(Entries taken from a collection)
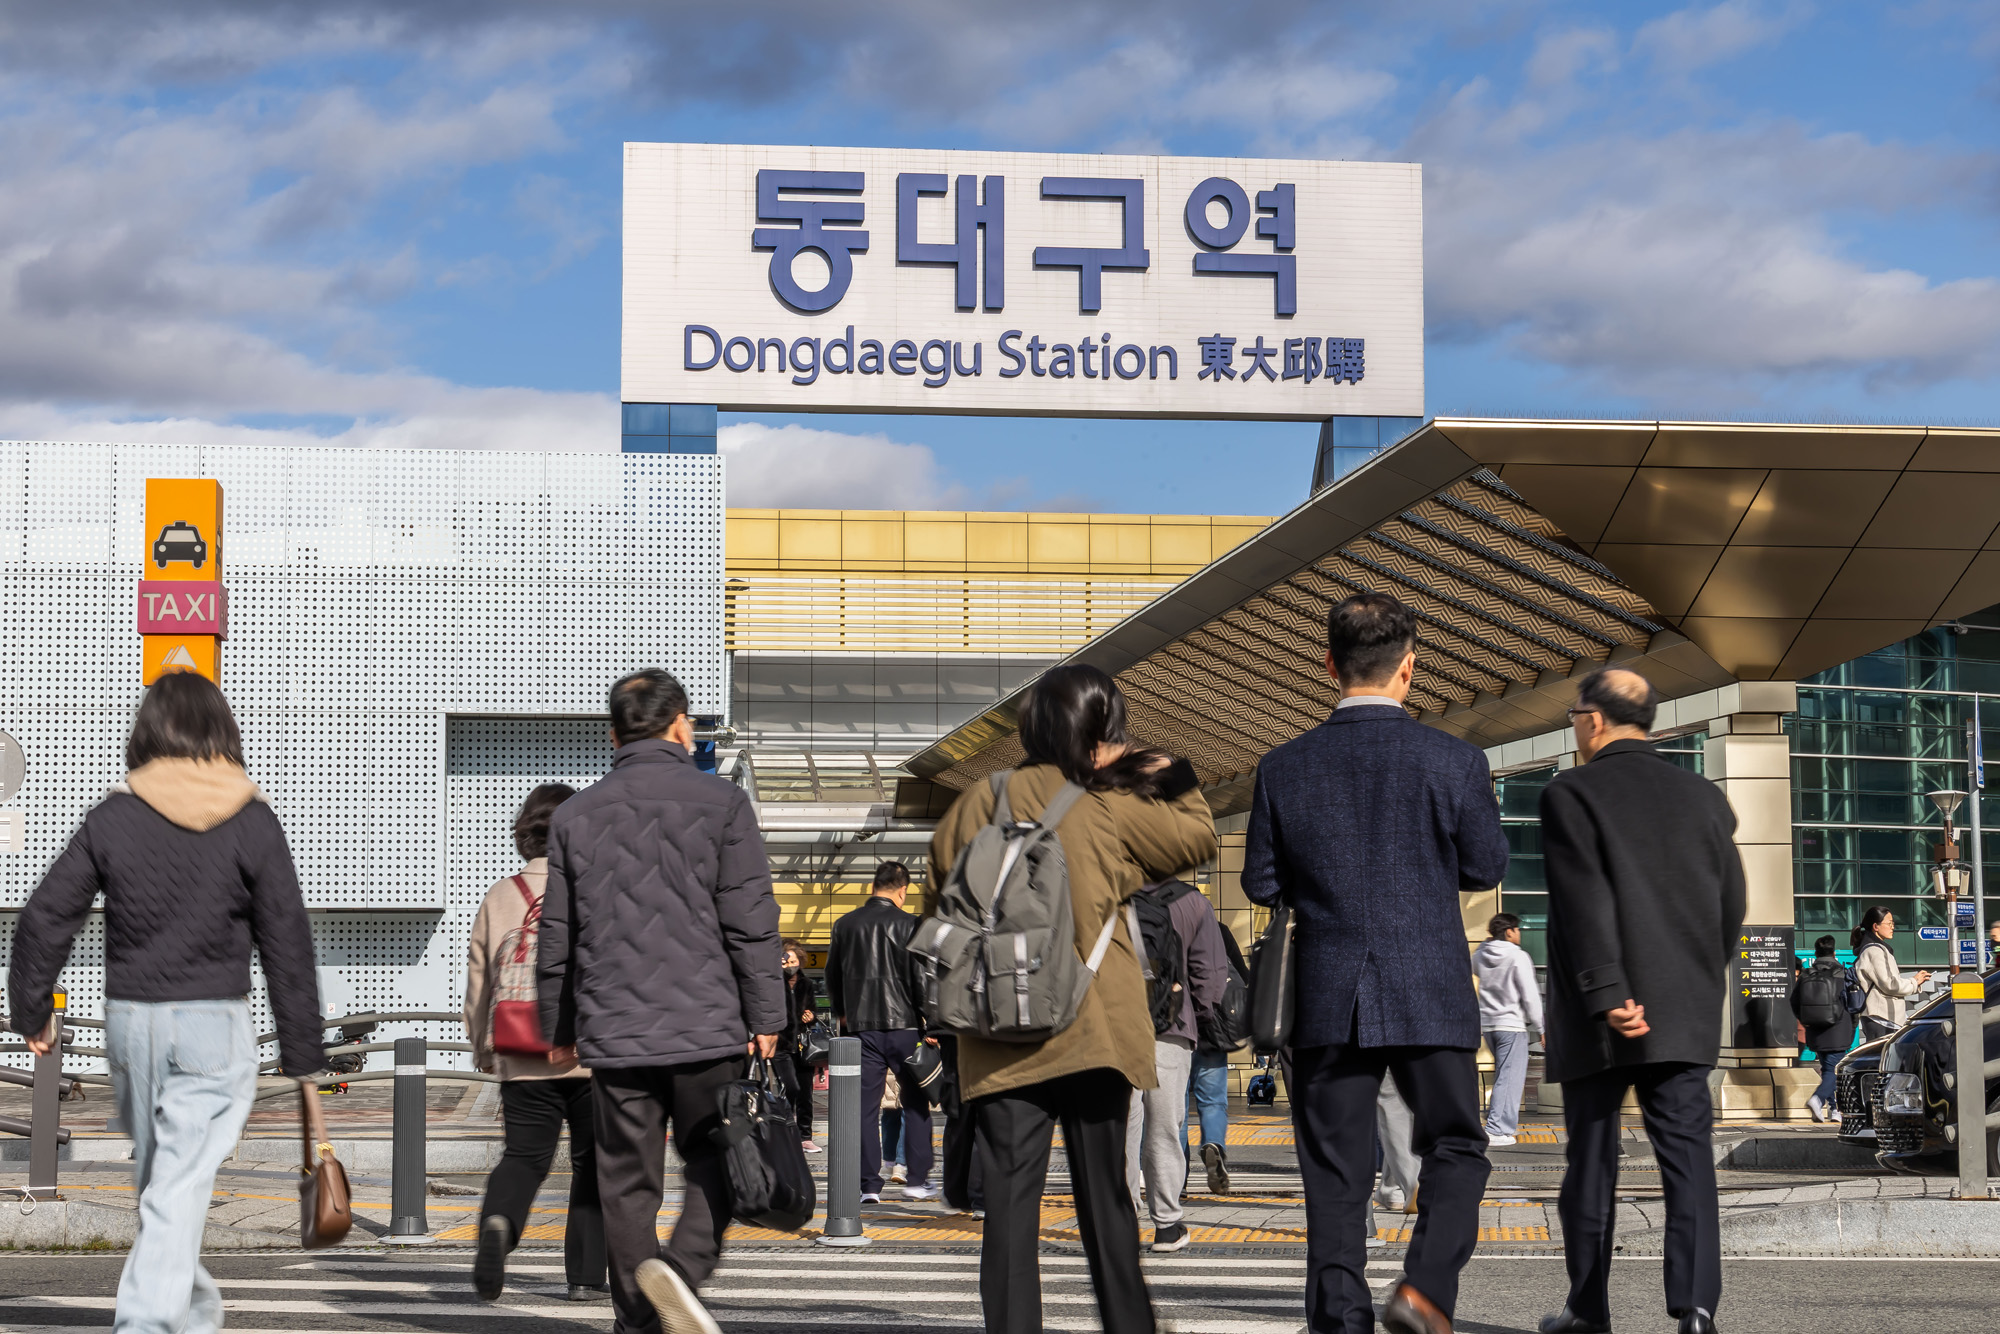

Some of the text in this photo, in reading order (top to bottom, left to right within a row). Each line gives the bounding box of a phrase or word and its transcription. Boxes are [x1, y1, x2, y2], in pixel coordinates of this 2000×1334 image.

[752, 168, 1297, 317] 동대구역
[683, 324, 1366, 388] Dongdaegu Station 東大邱驛
[142, 592, 216, 622] TAXI
[810, 954, 817, 966] 3

**How to complete this task:** No pictures go in the copy. Set down all the data exactly.

**Answer space:**
Some of the text in this photo, in reading order (top to bottom, left to right within a row). Each line gives the bounding box of a phrase or word and its transcription. Boxes are [x1, y1, x2, y2], in pixel coordinates of this 2000×1334 image.

[752, 168, 1297, 317] 동대구역
[683, 324, 1366, 388] Dongdaegu Station 東大邱驛
[142, 592, 216, 622] TAXI
[810, 954, 817, 966] 3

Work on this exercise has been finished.